* DESCRIPTION OF THE TASK *
The full set of entries has to be output exactly.

(Collected data)
_ _ _ _

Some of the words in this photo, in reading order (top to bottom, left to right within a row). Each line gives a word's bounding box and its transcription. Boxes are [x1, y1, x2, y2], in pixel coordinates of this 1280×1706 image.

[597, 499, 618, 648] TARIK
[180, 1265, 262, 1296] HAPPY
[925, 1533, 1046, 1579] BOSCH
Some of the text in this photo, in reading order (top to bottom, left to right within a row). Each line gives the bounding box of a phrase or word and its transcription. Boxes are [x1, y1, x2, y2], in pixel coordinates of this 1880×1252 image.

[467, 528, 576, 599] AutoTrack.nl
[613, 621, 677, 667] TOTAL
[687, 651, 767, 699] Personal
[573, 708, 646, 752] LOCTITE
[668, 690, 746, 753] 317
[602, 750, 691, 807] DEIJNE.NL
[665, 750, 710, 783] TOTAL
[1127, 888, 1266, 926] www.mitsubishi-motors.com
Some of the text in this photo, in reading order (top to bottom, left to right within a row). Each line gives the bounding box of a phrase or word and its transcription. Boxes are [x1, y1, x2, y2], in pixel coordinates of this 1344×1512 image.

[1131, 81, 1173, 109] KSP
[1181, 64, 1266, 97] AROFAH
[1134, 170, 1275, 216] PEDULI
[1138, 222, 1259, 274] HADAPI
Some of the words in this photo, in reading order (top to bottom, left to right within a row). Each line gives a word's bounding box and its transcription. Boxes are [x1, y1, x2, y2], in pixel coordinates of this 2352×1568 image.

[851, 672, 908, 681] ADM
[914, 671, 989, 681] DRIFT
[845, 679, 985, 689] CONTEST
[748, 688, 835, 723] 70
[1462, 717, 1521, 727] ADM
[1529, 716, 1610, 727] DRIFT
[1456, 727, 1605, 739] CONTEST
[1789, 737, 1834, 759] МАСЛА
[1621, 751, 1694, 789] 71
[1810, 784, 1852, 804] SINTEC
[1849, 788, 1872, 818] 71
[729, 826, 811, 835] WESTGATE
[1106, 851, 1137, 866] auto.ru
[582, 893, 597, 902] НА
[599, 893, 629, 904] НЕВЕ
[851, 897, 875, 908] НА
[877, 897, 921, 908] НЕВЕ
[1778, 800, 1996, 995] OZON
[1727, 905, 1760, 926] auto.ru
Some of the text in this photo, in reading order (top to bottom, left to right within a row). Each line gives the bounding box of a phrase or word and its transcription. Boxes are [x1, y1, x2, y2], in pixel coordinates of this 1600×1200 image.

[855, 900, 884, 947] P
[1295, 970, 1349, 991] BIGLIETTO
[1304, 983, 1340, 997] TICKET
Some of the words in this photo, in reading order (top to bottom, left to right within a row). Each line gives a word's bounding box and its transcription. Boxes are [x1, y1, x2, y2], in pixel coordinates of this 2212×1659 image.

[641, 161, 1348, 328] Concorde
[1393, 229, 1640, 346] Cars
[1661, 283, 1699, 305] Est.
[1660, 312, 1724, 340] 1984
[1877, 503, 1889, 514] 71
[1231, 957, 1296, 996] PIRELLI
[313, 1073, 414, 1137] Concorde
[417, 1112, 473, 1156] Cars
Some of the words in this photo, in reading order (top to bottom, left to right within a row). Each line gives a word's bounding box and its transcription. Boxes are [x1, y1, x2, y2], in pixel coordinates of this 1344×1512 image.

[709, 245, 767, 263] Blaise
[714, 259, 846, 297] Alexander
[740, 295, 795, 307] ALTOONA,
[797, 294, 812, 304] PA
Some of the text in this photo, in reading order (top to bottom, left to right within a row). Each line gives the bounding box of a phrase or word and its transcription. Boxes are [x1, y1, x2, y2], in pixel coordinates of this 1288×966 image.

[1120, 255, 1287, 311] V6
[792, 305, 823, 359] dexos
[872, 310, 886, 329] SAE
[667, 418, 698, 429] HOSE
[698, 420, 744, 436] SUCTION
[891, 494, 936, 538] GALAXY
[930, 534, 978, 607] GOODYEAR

_ _ _ _

* REPLY *
Some of the words in this photo, in reading order (top to bottom, left to right within a row). Each line gives a word's bounding box and its transcription. Boxes are [x1, y1, x2, y2], in pixel coordinates of this 1280×1706 image.

[597, 499, 618, 648] TARIK
[180, 1265, 262, 1296] HAPPY
[925, 1533, 1046, 1579] BOSCH
Some of the text in this photo, in reading order (top to bottom, left to right within a row). Each line gives the bounding box of a phrase or word and its transcription. Boxes are [x1, y1, x2, y2], in pixel coordinates of this 1880×1252 image.

[467, 528, 576, 599] AutoTrack.nl
[613, 621, 677, 667] TOTAL
[687, 651, 767, 699] Personal
[573, 708, 646, 752] LOCTITE
[668, 690, 746, 753] 317
[602, 750, 691, 807] DEIJNE.NL
[665, 750, 710, 783] TOTAL
[1127, 888, 1266, 926] www.mitsubishi-motors.com
Some of the text in this photo, in reading order (top to bottom, left to right within a row). Each line gives the bounding box of a phrase or word and its transcription. Boxes are [x1, y1, x2, y2], in pixel coordinates of this 1344×1512 image.

[1131, 81, 1173, 109] KSP
[1181, 64, 1266, 97] AROFAH
[1134, 170, 1275, 216] PEDULI
[1138, 222, 1259, 274] HADAPI
Some of the words in this photo, in reading order (top to bottom, left to right within a row). Each line gives a word's bounding box and its transcription. Boxes are [x1, y1, x2, y2], in pixel coordinates of this 2352×1568 image.

[851, 672, 908, 681] ADM
[914, 671, 989, 681] DRIFT
[845, 679, 985, 689] CONTEST
[748, 688, 835, 723] 70
[1462, 717, 1521, 727] ADM
[1529, 716, 1610, 727] DRIFT
[1456, 727, 1605, 739] CONTEST
[1789, 737, 1834, 759] МАСЛА
[1621, 751, 1694, 789] 71
[1810, 784, 1852, 804] SINTEC
[1849, 788, 1872, 818] 71
[729, 826, 811, 835] WESTGATE
[1106, 851, 1137, 866] auto.ru
[582, 893, 597, 902] НА
[599, 893, 629, 904] НЕВЕ
[851, 897, 875, 908] НА
[877, 897, 921, 908] НЕВЕ
[1778, 800, 1996, 995] OZON
[1727, 905, 1760, 926] auto.ru
Some of the text in this photo, in reading order (top to bottom, left to right within a row). Each line gives the bounding box of a phrase or word and its transcription. Boxes are [x1, y1, x2, y2], in pixel coordinates of this 1600×1200 image.

[855, 900, 884, 947] P
[1295, 970, 1349, 991] BIGLIETTO
[1304, 983, 1340, 997] TICKET
Some of the words in this photo, in reading order (top to bottom, left to right within a row). Each line gives a word's bounding box and its transcription. Boxes are [x1, y1, x2, y2], in pixel coordinates of this 2212×1659 image.

[641, 161, 1348, 328] Concorde
[1393, 229, 1640, 346] Cars
[1661, 283, 1699, 305] Est.
[1660, 312, 1724, 340] 1984
[1877, 503, 1889, 514] 71
[1231, 957, 1296, 996] PIRELLI
[313, 1073, 414, 1137] Concorde
[417, 1112, 473, 1156] Cars
Some of the words in this photo, in reading order (top to bottom, left to right within a row). Each line gives a word's bounding box and its transcription. Boxes are [x1, y1, x2, y2], in pixel coordinates of this 1344×1512 image.

[709, 245, 767, 263] Blaise
[714, 259, 846, 297] Alexander
[740, 295, 795, 307] ALTOONA,
[797, 294, 812, 304] PA
Some of the text in this photo, in reading order (top to bottom, left to right within a row). Each line gives the bounding box of a phrase or word and its transcription. Boxes are [x1, y1, x2, y2], in pixel coordinates of this 1288×966 image.

[1120, 255, 1287, 311] V6
[792, 305, 823, 359] dexos
[872, 310, 886, 329] SAE
[667, 418, 698, 429] HOSE
[698, 420, 744, 436] SUCTION
[891, 494, 936, 538] GALAXY
[930, 534, 978, 607] GOODYEAR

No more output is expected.